Recently, I migrated the services I host to an enterprise server (a Dell R740) running from my home. This is the latest significant step in my homelab, where I can both experiment and host production services. This is a good excuse to make a technical retrospective of how it all started and evolved into what it is today.
My homelab journey began around 2016, when I was 15. Back then,
all I wanted was to host a personal website. I had no idea what a "homelab" was,
nor did I know that you could host a website from a home connection
using ordinary hardware. I ended up using Hostinger,
a web hosting service that offered a free plan at the time. It included a free
subdomain which I happily accepted. That's how valou3433.pusku.com became my very first website.
Hosting a website was mostly about proving to myself that I could do it, and partly about showing off to friends (as well as sharing simple, fun projects I had built at the time). When I received a Raspberry Pi as a gift (for my birthday or Christmas, I can't recall) and realized (thanks to previous experience with Minecraft server hosting) that I could host my website on it, I immediately started configuring it that way.

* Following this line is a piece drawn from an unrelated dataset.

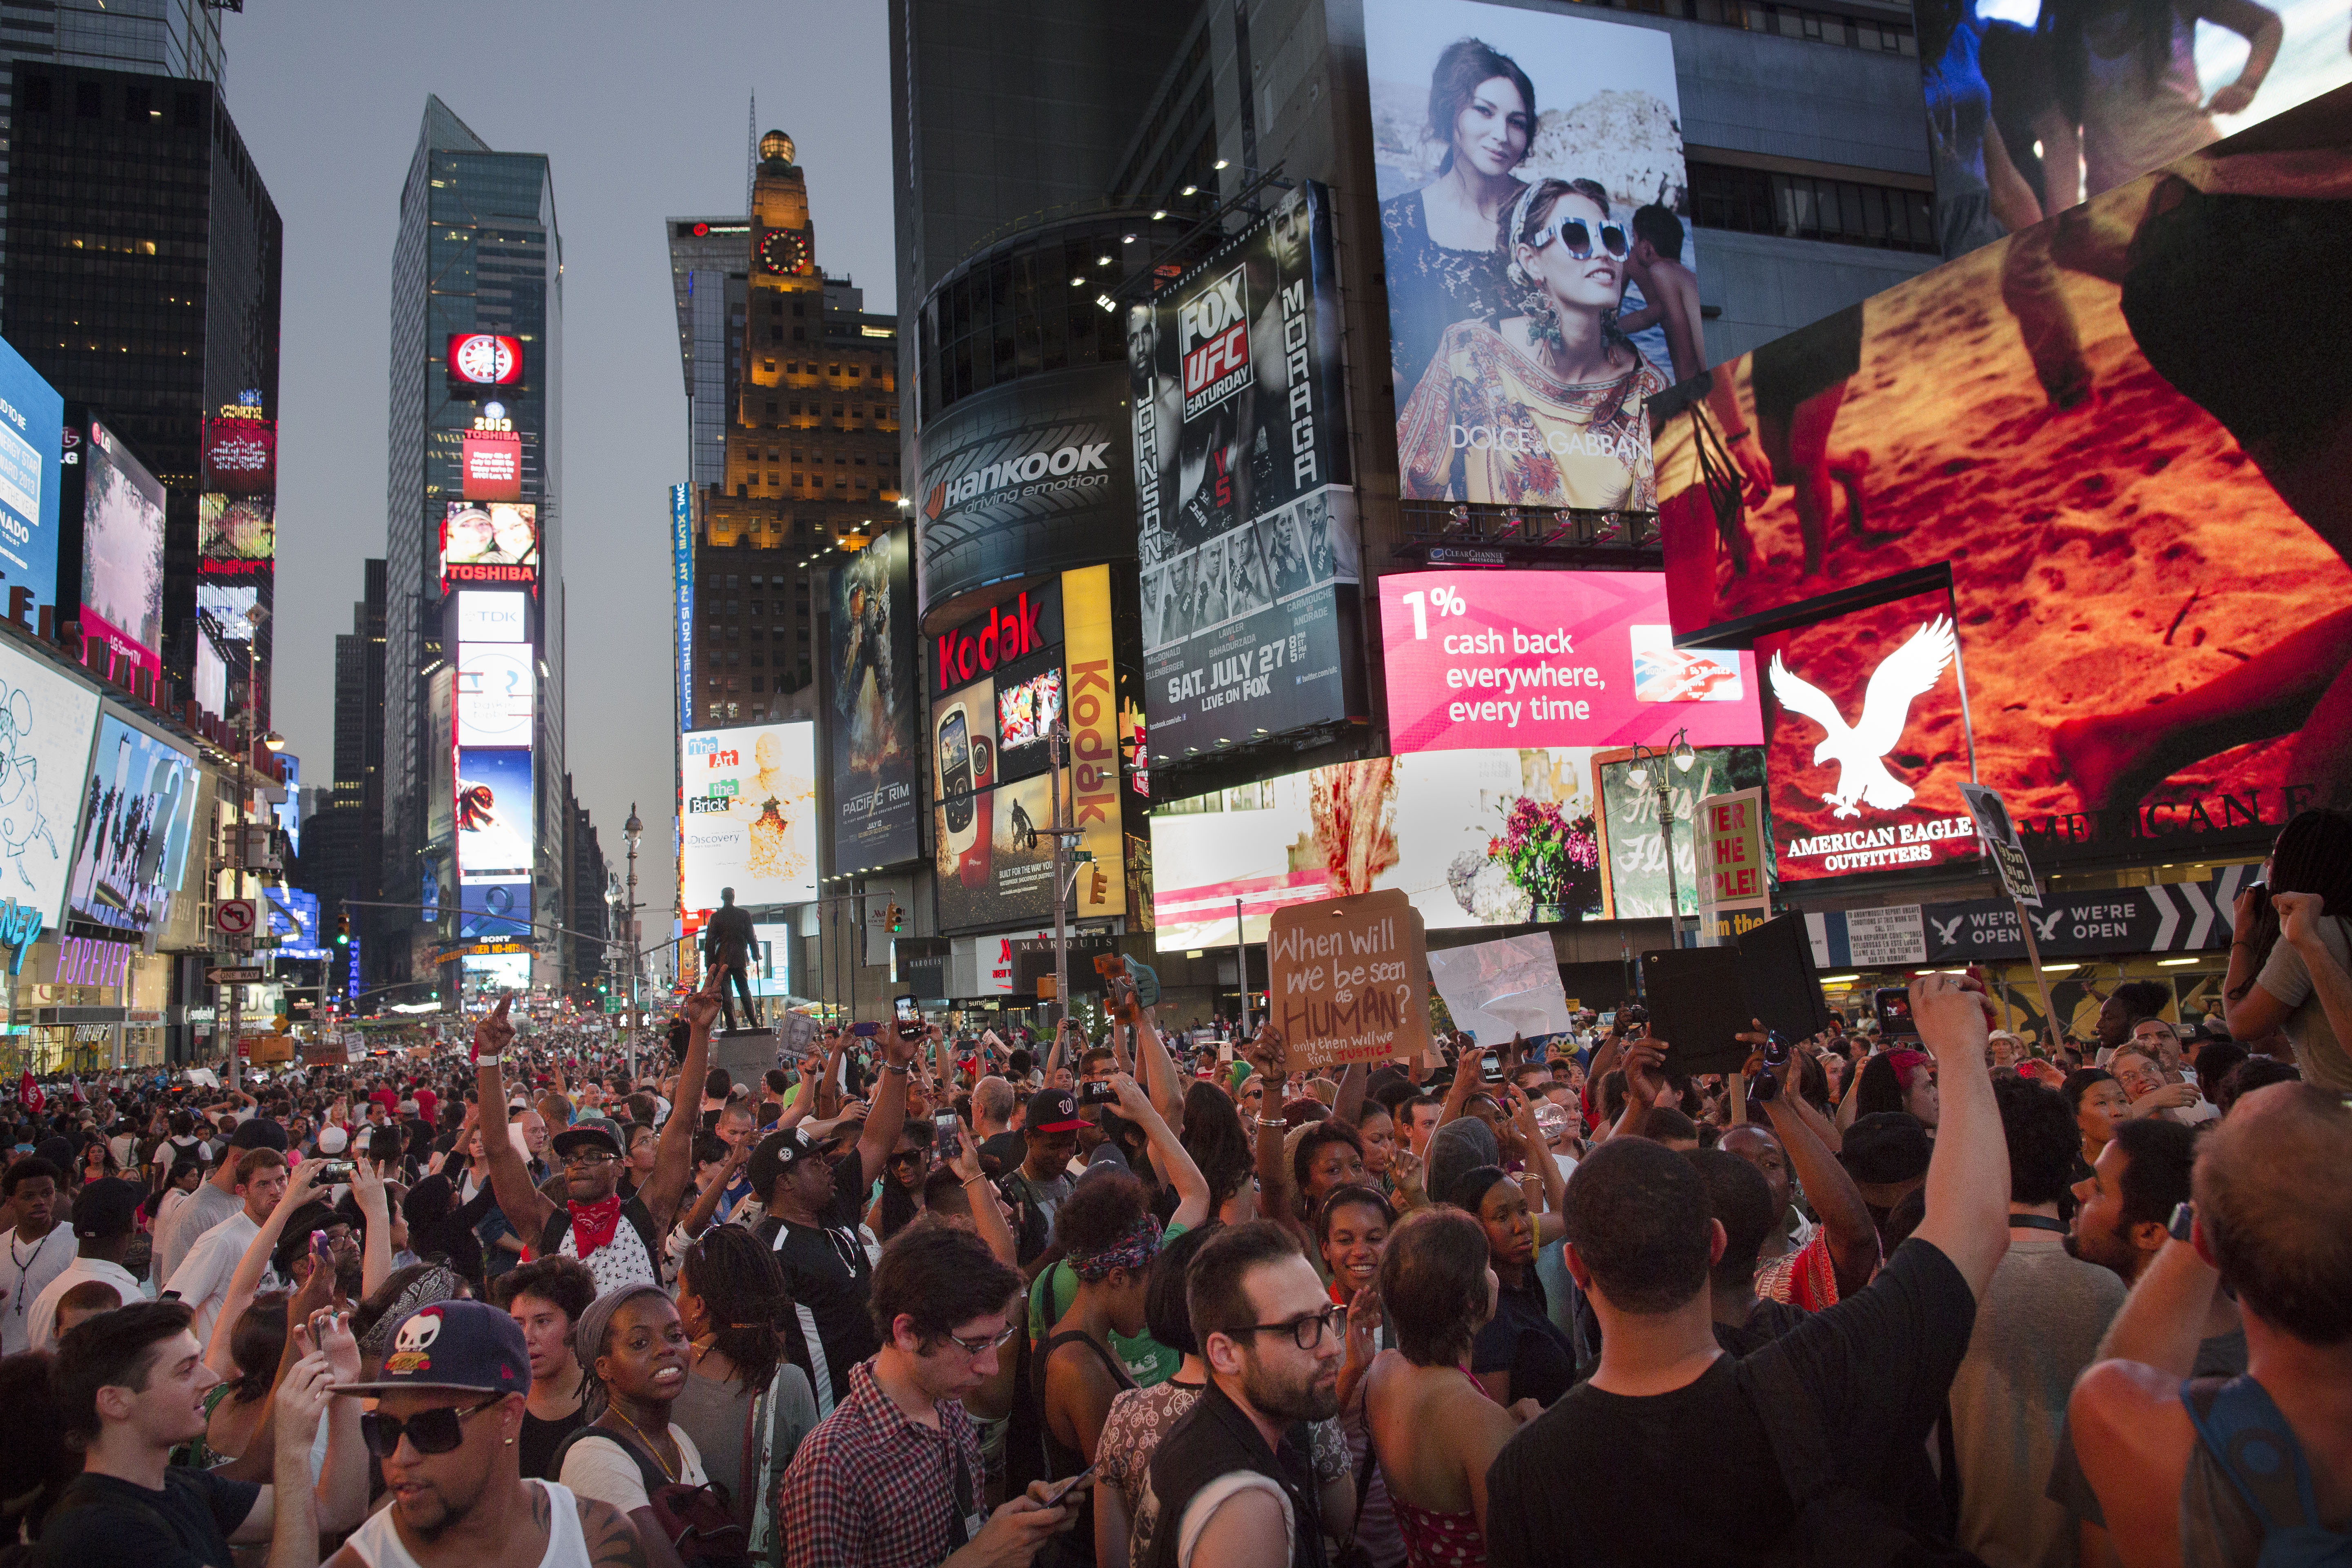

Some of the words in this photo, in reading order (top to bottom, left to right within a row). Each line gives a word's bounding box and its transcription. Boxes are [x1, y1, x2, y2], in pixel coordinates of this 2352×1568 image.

The Raspberry Pi Model B (or 1B), one of the first low-cost consumer Single Board Computers (SBC). Essentially, a board with an integrated CPU, RAM and I/O that can act as a full computer; or in my case, a mini-server. Image credits: Tors, Wikipedia, CC-BY-SA 3.0
This became my de facto first homelab, allowing me to learn how to configure a web server, and leaving me wanting more. Before long, I was also running an FTP server, which I used for file sharing between computers as well as backups. It turned out to be disastrous, as the SD cards I used with the Pi got corrupted multiple times; but it was really fun!
After high school, I entered a French prépa (classes préparatoires), a two-year intensive program preparing students for competitive entrance exams for engineering schools. It was mostly math and physics, which didn't leave much time for personal projects.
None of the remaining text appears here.